说到“星云团”,记得我在丛林求学时,有一阵子正在学查王云五的四角号码,有一次查到“星云团”,上面的解释是:宇宙未形成之前,无数云雾状的星体结合,又大、又古老、又无际。那时非常欣赏这种宽广、浩大、无边的境界,也自诩在黑暗中给人光明,以及飘然不受拘束。后来抗战胜利时,为了领取身份证,我就把自己的法号取为“星云”。
所以,“星云”这个法名其实是我自己取的,我出家时家师替我取名“今觉”,号“悟彻”,表示“今天觉悟”,而且要“彻底觉悟”。后来我自号“星云”,只是想自我勉励做星云团里的一颗小星星,希望能以一己的微弱光芒,和其他星光互相辉映,光照寰宇。
多年来,为了实践这一个小小的微愿,我只得每天忙着做一个地球人,忙着到世界各地弘法,期能将欢喜遍撒十方世界。为此,每当我到各国弘法时,我所关心的不只是信徒、寺院,我还关心所有移民的华人,甚至关心当地国家未来的发展。我不但勉励所有移民要“落地生根”,把自己融合到当地的国家社会里,共同开创国家的未来;尤其我希望佛光会员们,都能做个共生的地球人,也就是要摒除国家、地域、种族的观念,共同营求生命的发展。
由于我关心的层面很广,所以我的很多办法、想法,都不是只为个人的利益,而是以大众的利益为前提。记得数十年前,公路局第三工程处处长倪思曾先生,第一次到佛光山,当时朝山会馆还没有建好,山上各处也在工程中。
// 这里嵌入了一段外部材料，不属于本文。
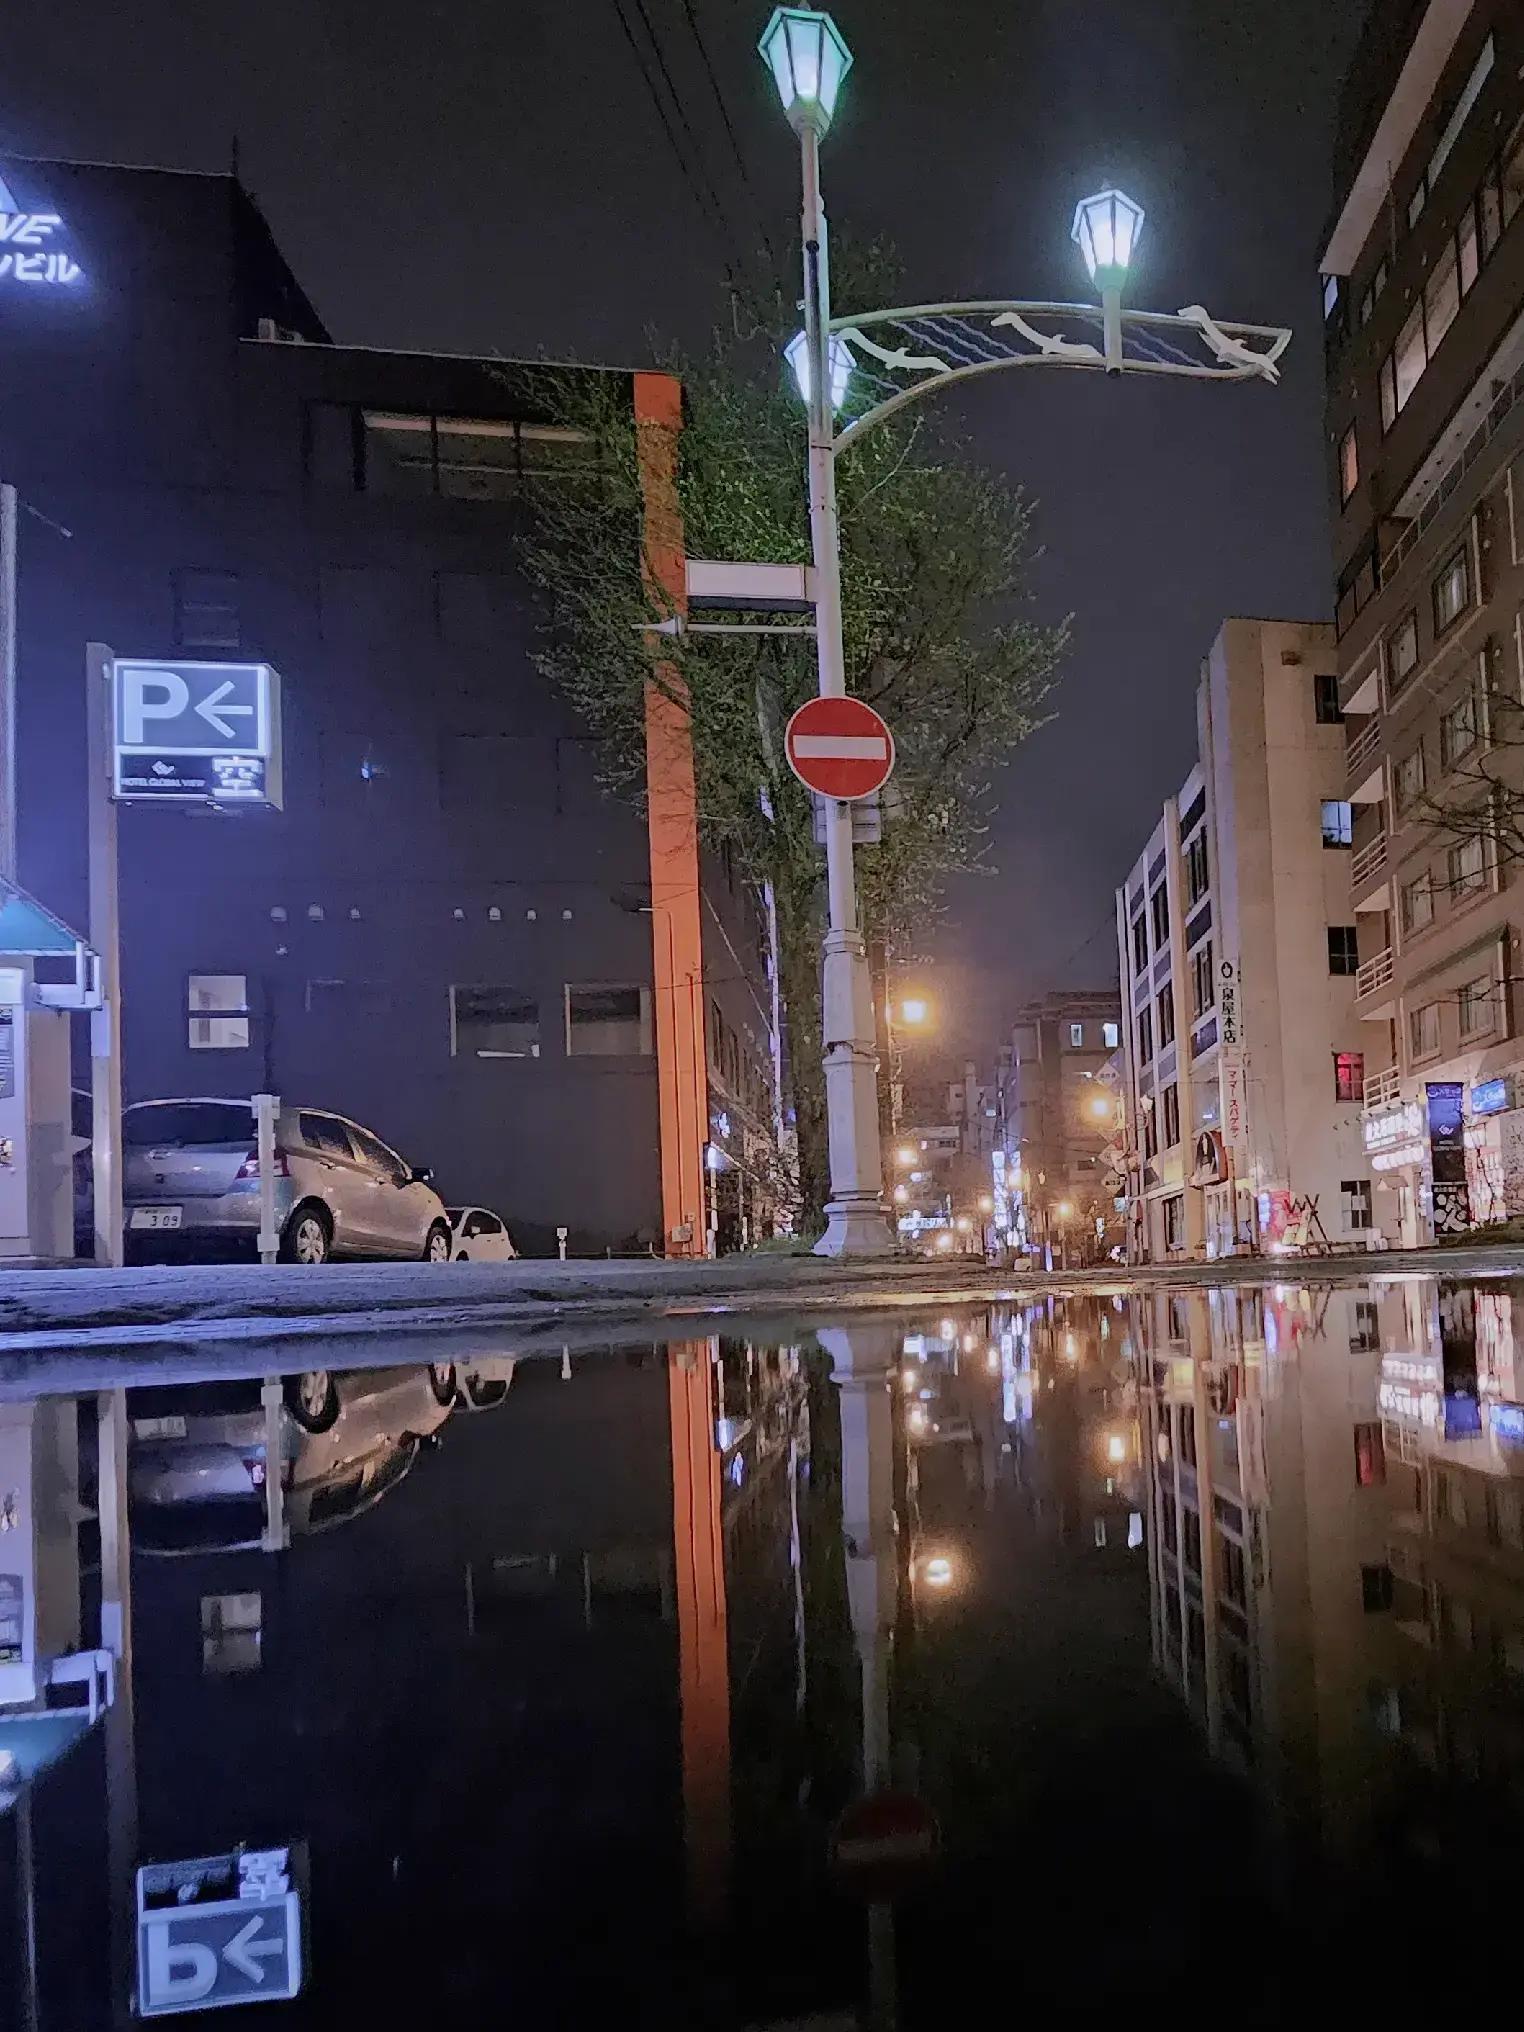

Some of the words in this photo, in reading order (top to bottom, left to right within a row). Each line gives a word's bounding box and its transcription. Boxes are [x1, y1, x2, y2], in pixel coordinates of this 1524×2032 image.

我请处长在佛学院的斋堂用饭后,他要添油香,我连忙说不必了。他于心难安,总觉得在寺院里用斋,一定得添油香才可以。
最后,我说:“既然处长您这么诚心诚意,那就添个大油香吧!如果能够把大树乡这条泥土路铺成柏油路,对地方建设将是一大贡献,本寺当感激不尽。”
倪处长立即答说:“做得到!做得到!”接着又说,“大师!我现在才知道,您的道场原来并不只限于佛光山,宇宙寺才是您的道场,全地球的人都要为您添油香啊!”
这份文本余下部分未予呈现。